[Image-backed grounding data]
* * * * * * *

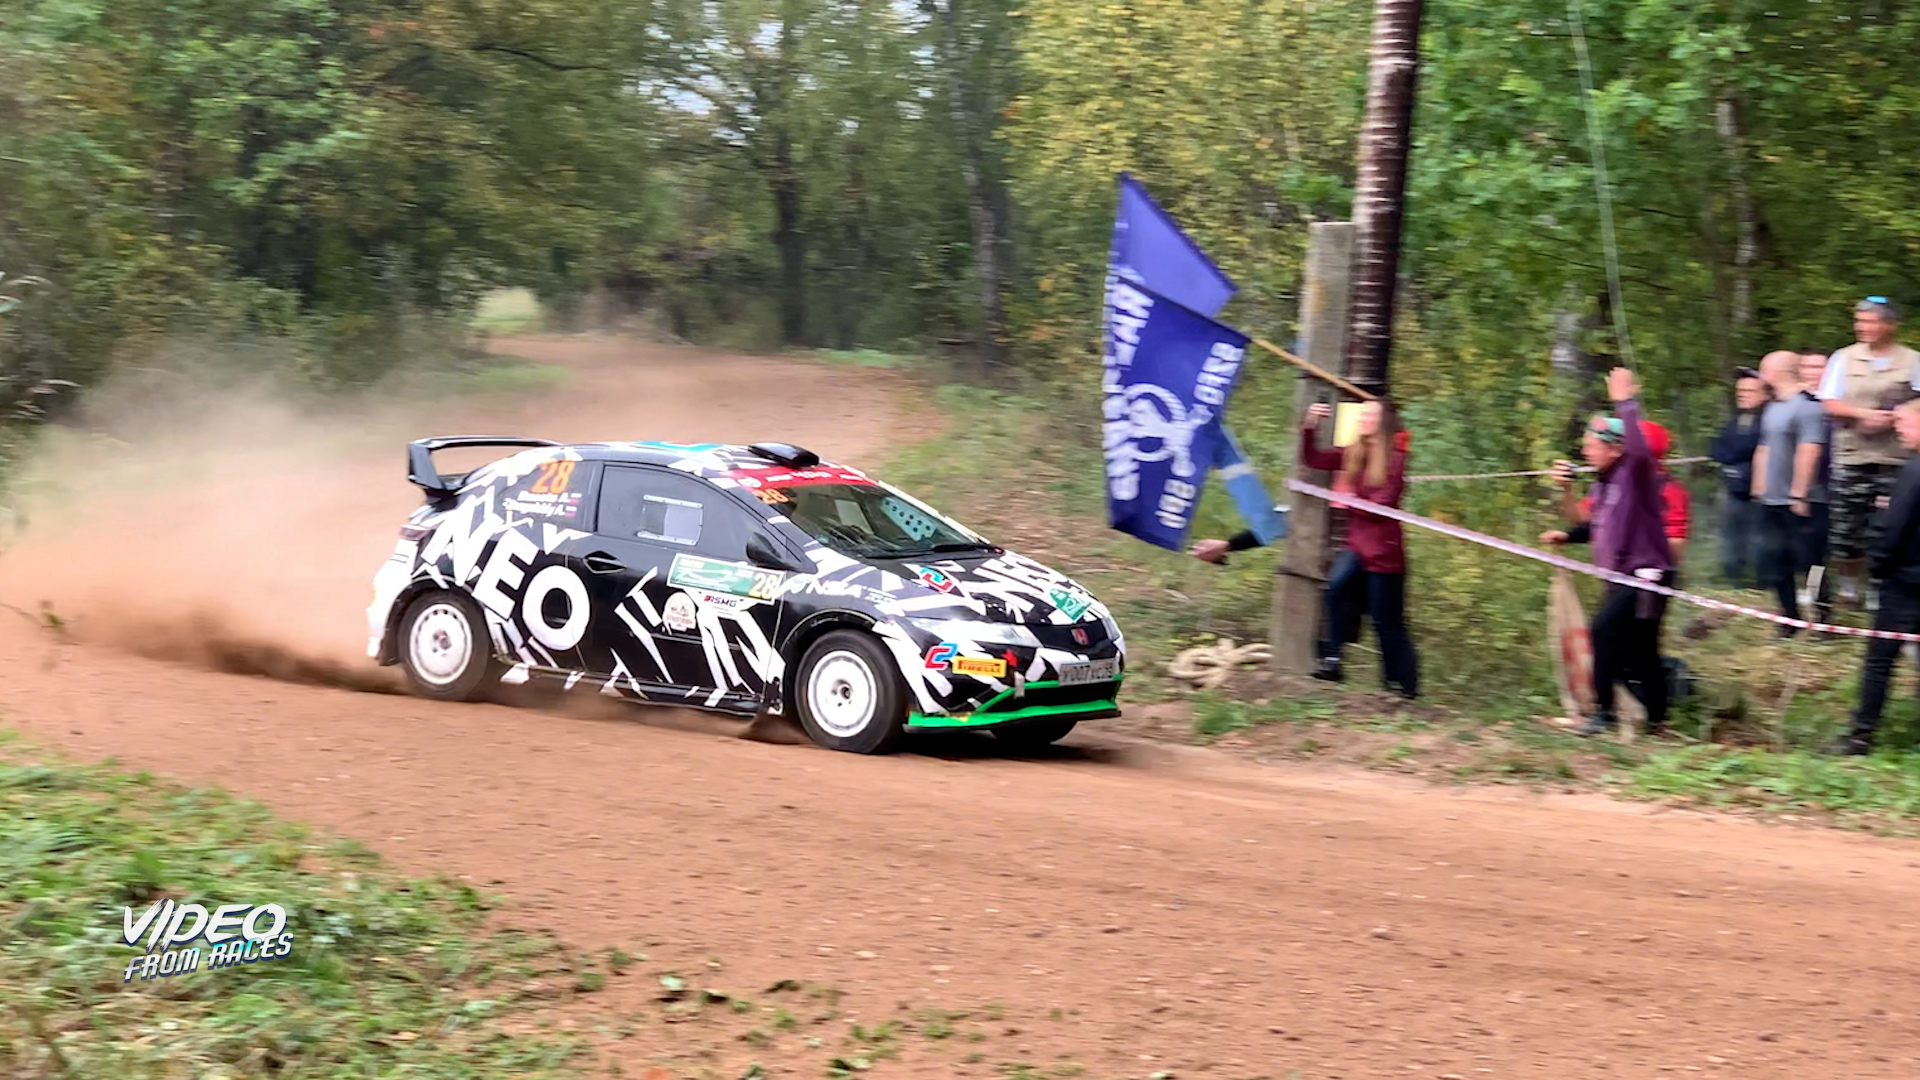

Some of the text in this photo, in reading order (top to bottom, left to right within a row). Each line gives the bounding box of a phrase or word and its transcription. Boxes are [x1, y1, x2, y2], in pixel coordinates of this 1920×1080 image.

[530, 460, 576, 493] 28
[752, 488, 789, 505] 28
[421, 489, 591, 651] NEO
[749, 572, 777, 599] 28
[958, 660, 1001, 674] PIRELLI

* * * * * * *

Directions: Could you output every record above exactly as written, leaving out the pictures?

Exercise answer:
Some of the text in this photo, in reading order (top to bottom, left to right within a row). Each line gives the bounding box of a phrase or word and its transcription. Boxes are [x1, y1, x2, y2], in pixel coordinates of this 1920×1080 image.

[530, 460, 576, 493] 28
[752, 488, 789, 505] 28
[421, 489, 591, 651] NEO
[749, 572, 777, 599] 28
[958, 660, 1001, 674] PIRELLI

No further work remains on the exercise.